An exact copy of each line below is needed, with no images in it.

────

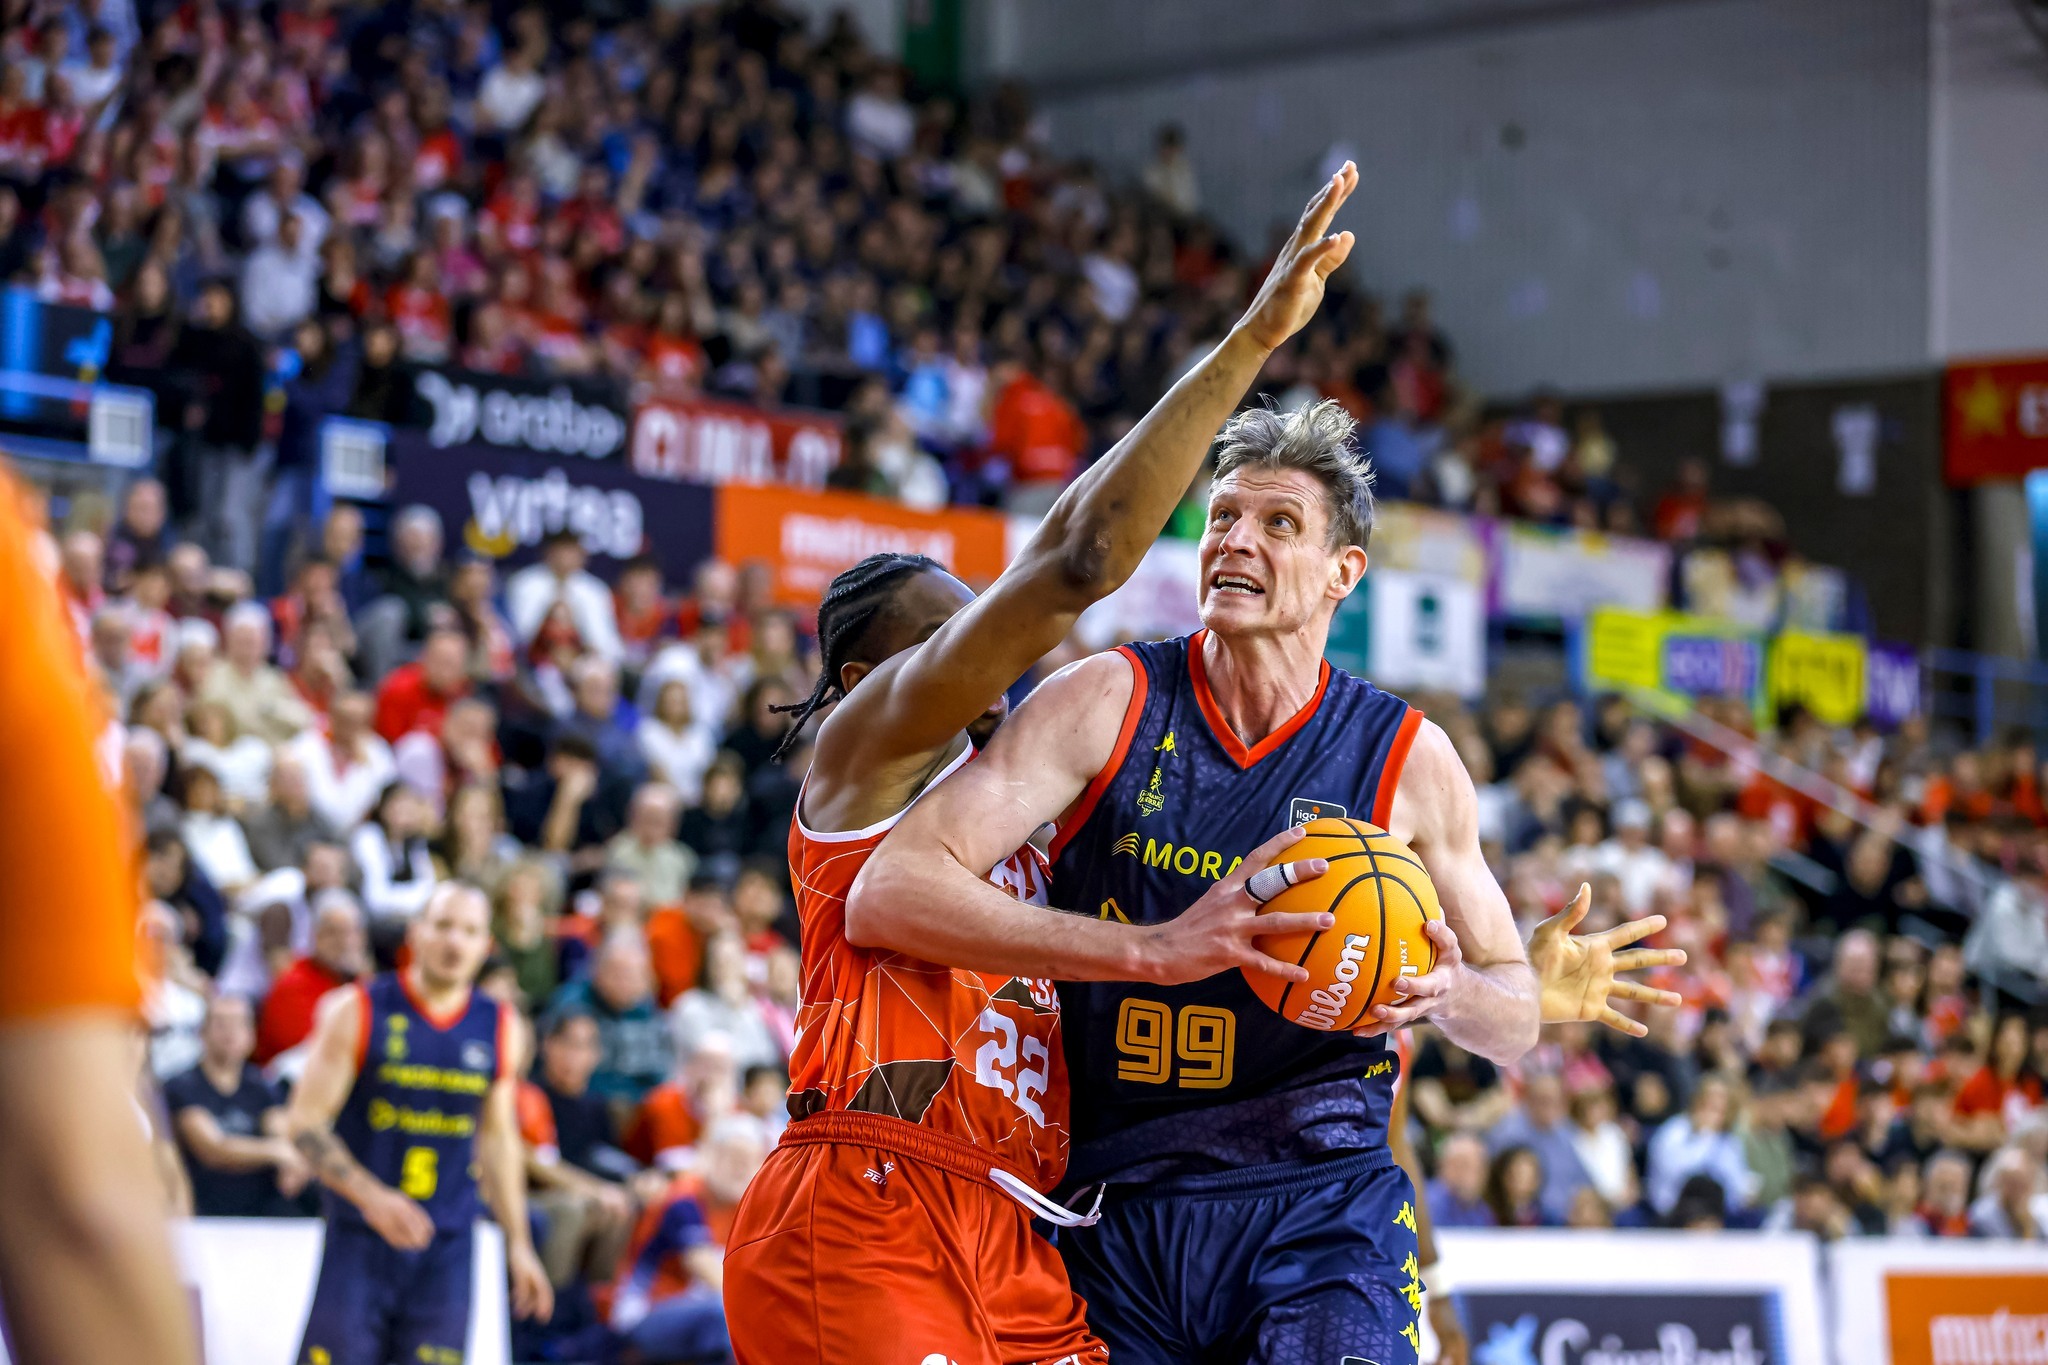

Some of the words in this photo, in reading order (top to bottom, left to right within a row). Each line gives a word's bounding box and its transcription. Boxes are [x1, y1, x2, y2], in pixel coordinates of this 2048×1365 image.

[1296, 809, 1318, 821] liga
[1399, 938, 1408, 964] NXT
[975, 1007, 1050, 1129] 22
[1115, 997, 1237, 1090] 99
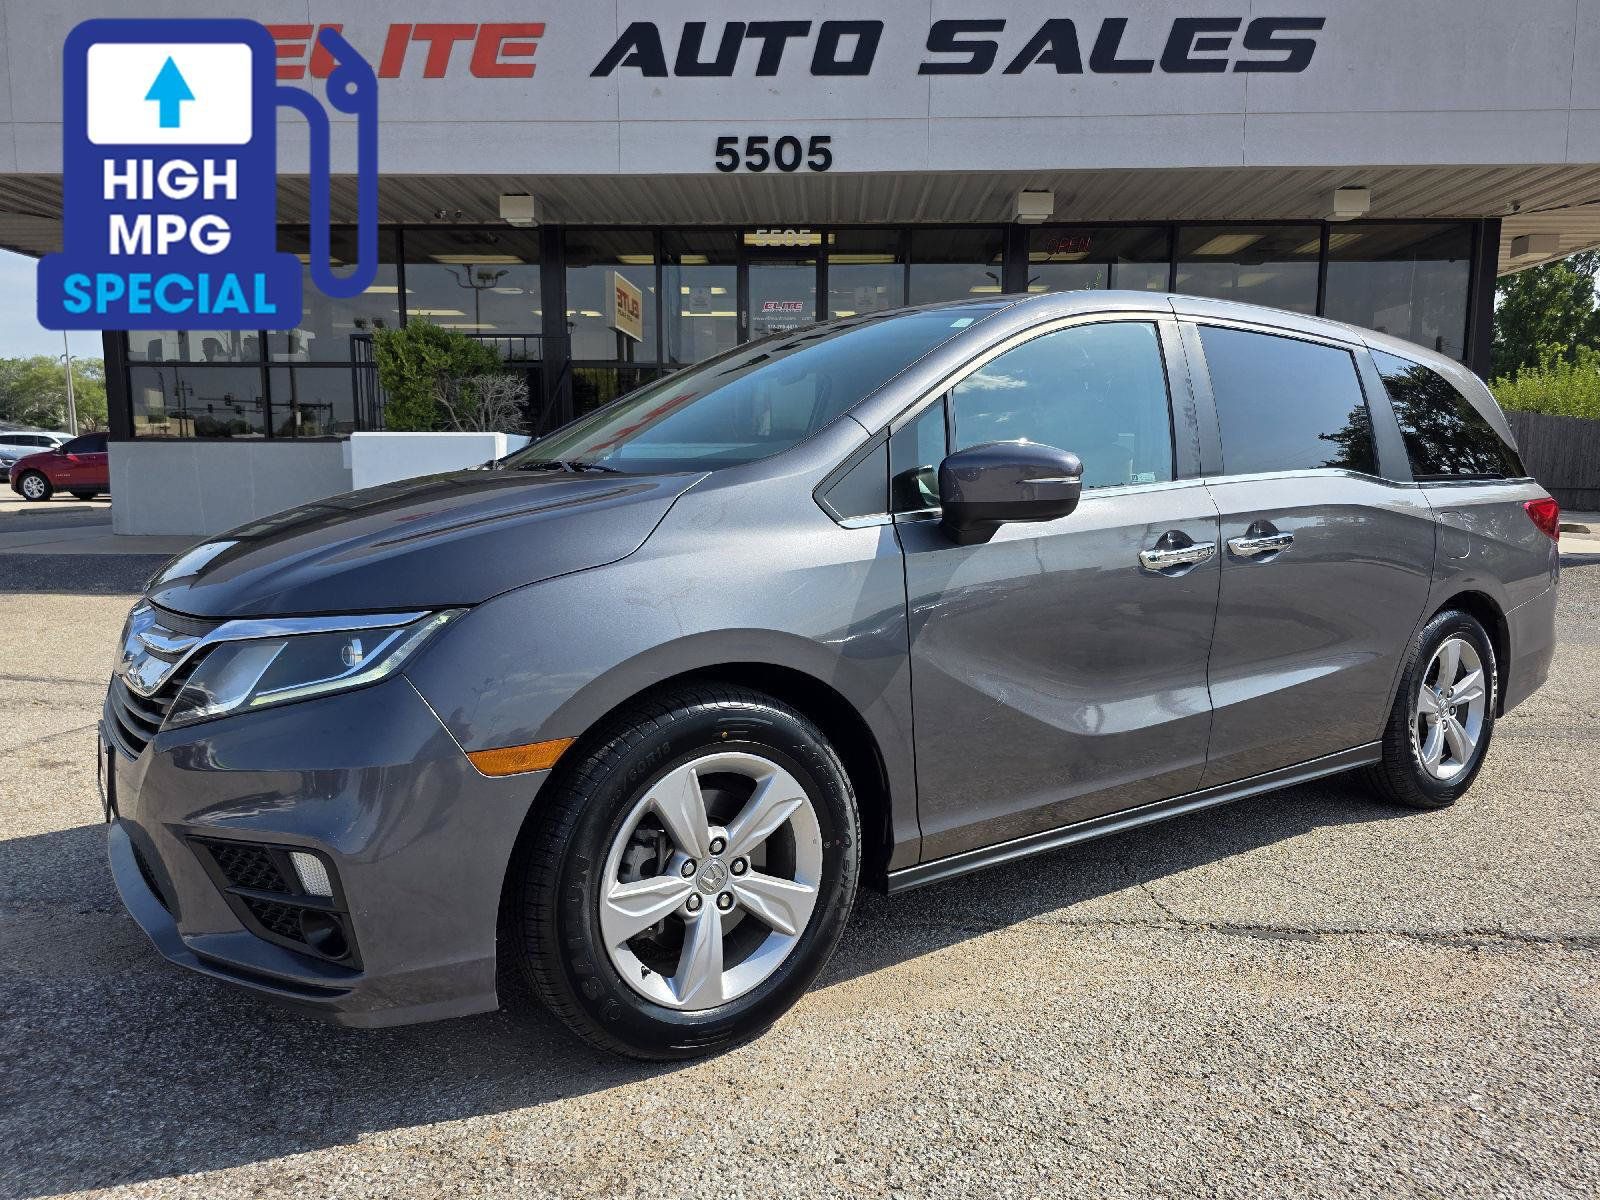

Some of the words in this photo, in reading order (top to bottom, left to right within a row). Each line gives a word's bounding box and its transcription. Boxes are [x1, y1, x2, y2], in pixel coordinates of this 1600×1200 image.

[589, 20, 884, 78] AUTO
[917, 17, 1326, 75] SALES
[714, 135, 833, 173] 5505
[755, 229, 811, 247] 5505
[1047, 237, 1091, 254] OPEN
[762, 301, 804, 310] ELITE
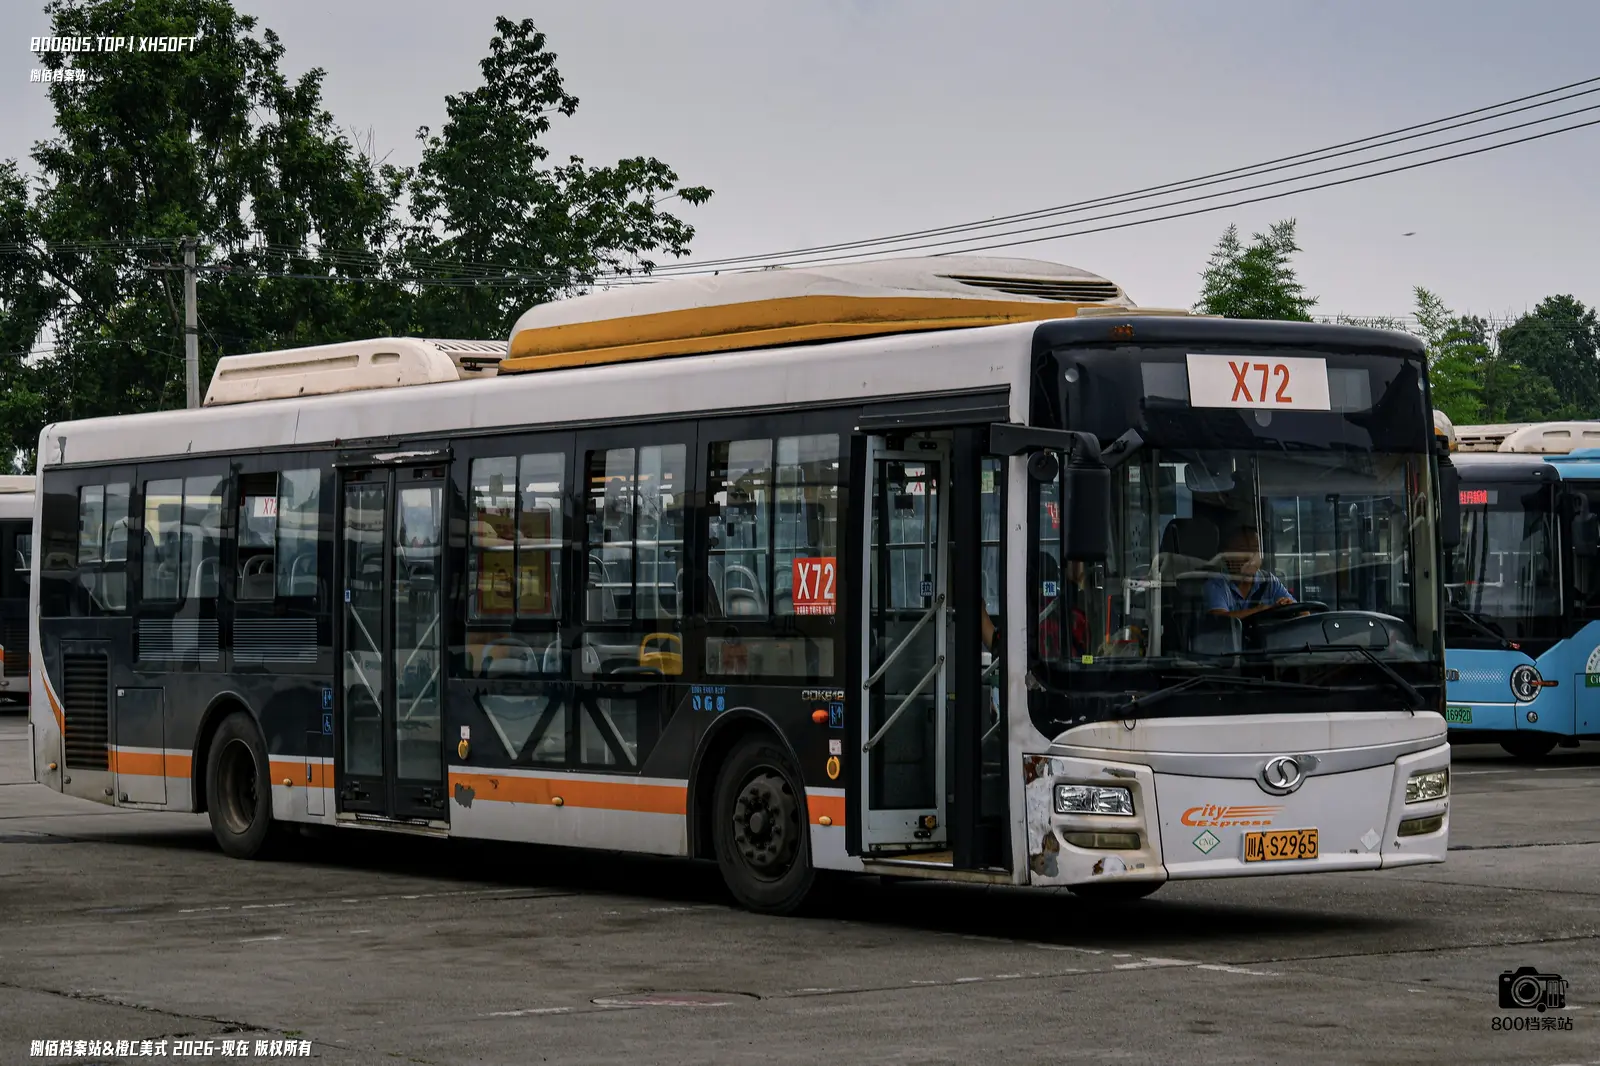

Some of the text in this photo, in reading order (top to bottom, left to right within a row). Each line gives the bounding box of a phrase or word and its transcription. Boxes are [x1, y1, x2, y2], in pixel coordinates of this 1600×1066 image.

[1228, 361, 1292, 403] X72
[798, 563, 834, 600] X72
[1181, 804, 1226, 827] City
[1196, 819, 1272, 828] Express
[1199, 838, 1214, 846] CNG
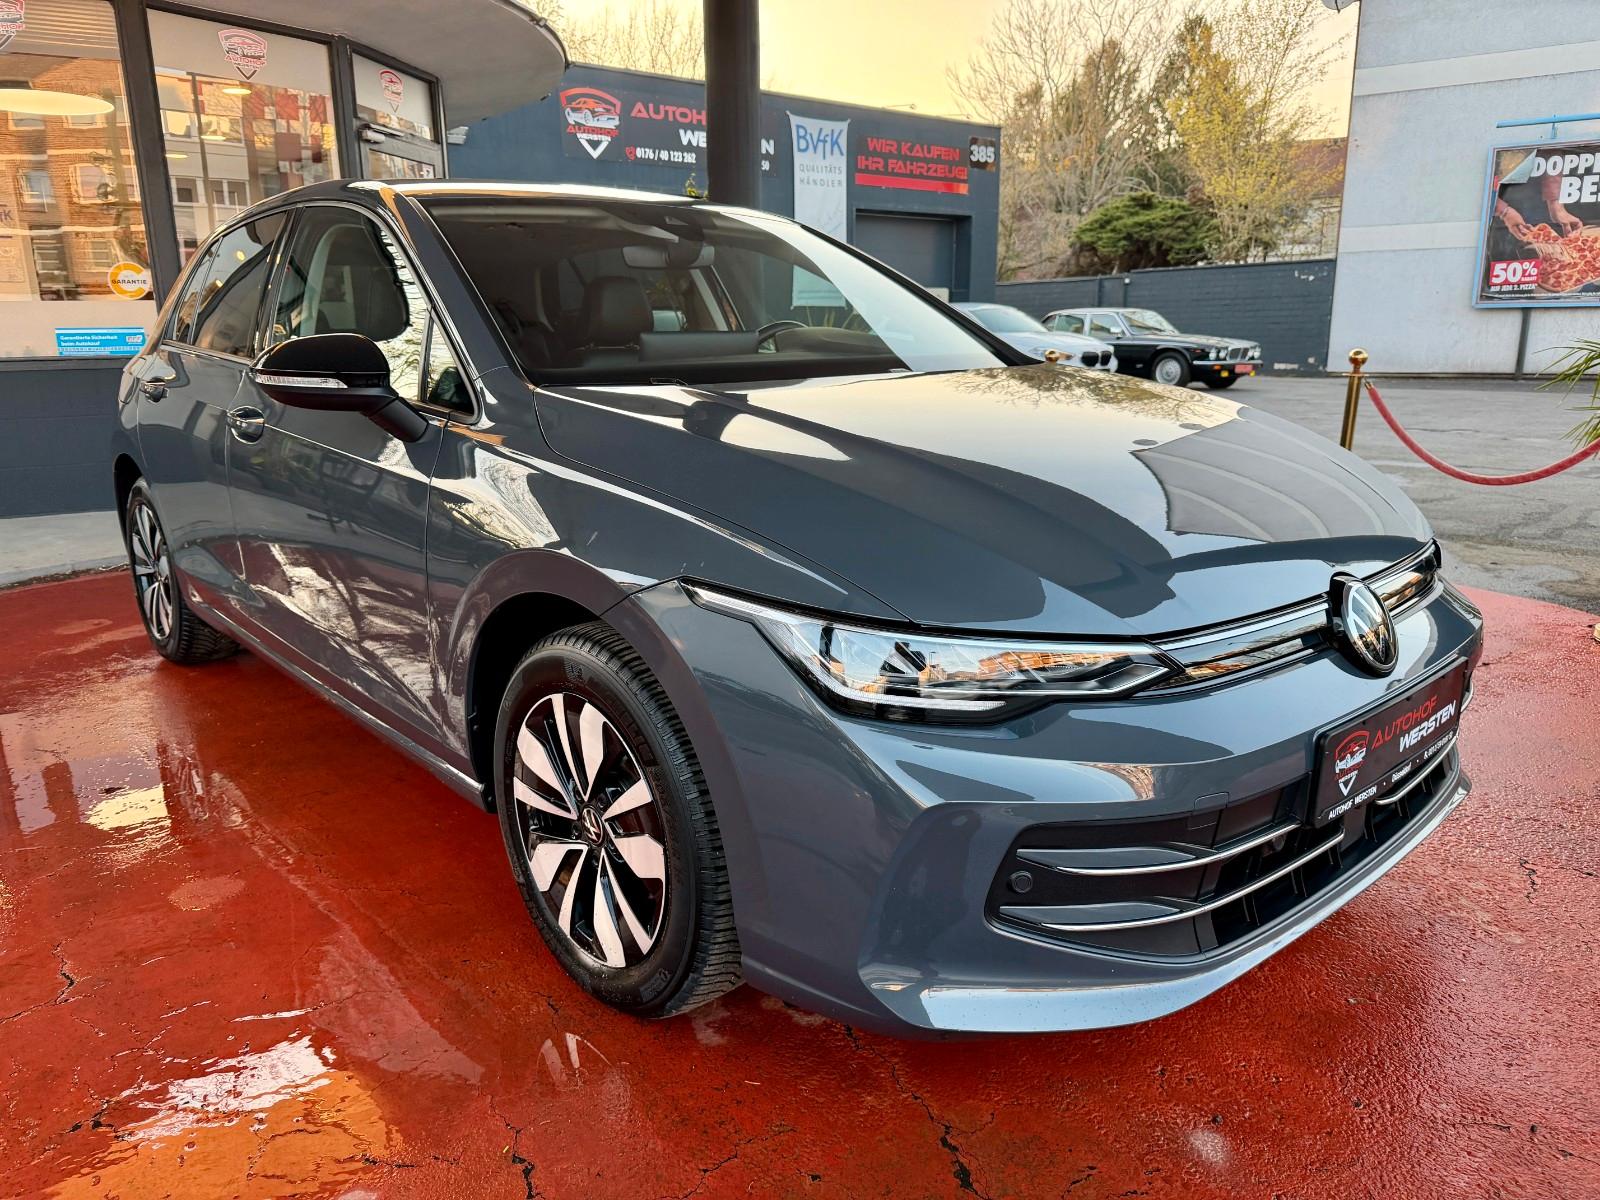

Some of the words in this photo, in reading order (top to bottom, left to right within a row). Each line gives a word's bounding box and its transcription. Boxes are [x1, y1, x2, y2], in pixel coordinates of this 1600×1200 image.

────

REPLY TO THE EXERCISE:
Some of the words in this photo, in reading order (top to bottom, left to right within a row). Each line gives a word's bounding box and its transcription. Boxes are [x1, y1, x2, y2], in pixel coordinates of this 2048×1365 image.

[1296, 809, 1318, 821] liga
[1399, 938, 1408, 964] NXT
[975, 1007, 1050, 1129] 22
[1115, 997, 1237, 1090] 99

Some of the words in this photo, in reading order (top to bottom, left to right within a row). Each line gives a word's bounding box and its transcription. Boxes are [x1, y1, x2, y2], in pixel coordinates of this 1600×1200 image.

[589, 20, 884, 78] AUTO
[917, 17, 1326, 75] SALES
[714, 135, 833, 173] 5505
[755, 229, 811, 247] 5505
[1047, 237, 1091, 254] OPEN
[762, 301, 804, 310] ELITE

Some of the text in this photo, in reading order (top to bottom, left to right within a row). Each line gives the bounding box of a phrase or word and its transcription. Boxes are [x1, y1, x2, y2], in pixel coordinates of this 1600×1066 image.

[1228, 361, 1292, 403] X72
[798, 563, 834, 600] X72
[1181, 804, 1226, 827] City
[1196, 819, 1272, 828] Express
[1199, 838, 1214, 846] CNG

Some of the words in this photo, in reading order (top to bottom, left to right within a row). Each line gives a word's bounding box and its transcription. Boxes are [x1, y1, x2, y2], in pixel coordinates of this 1600×1200 image.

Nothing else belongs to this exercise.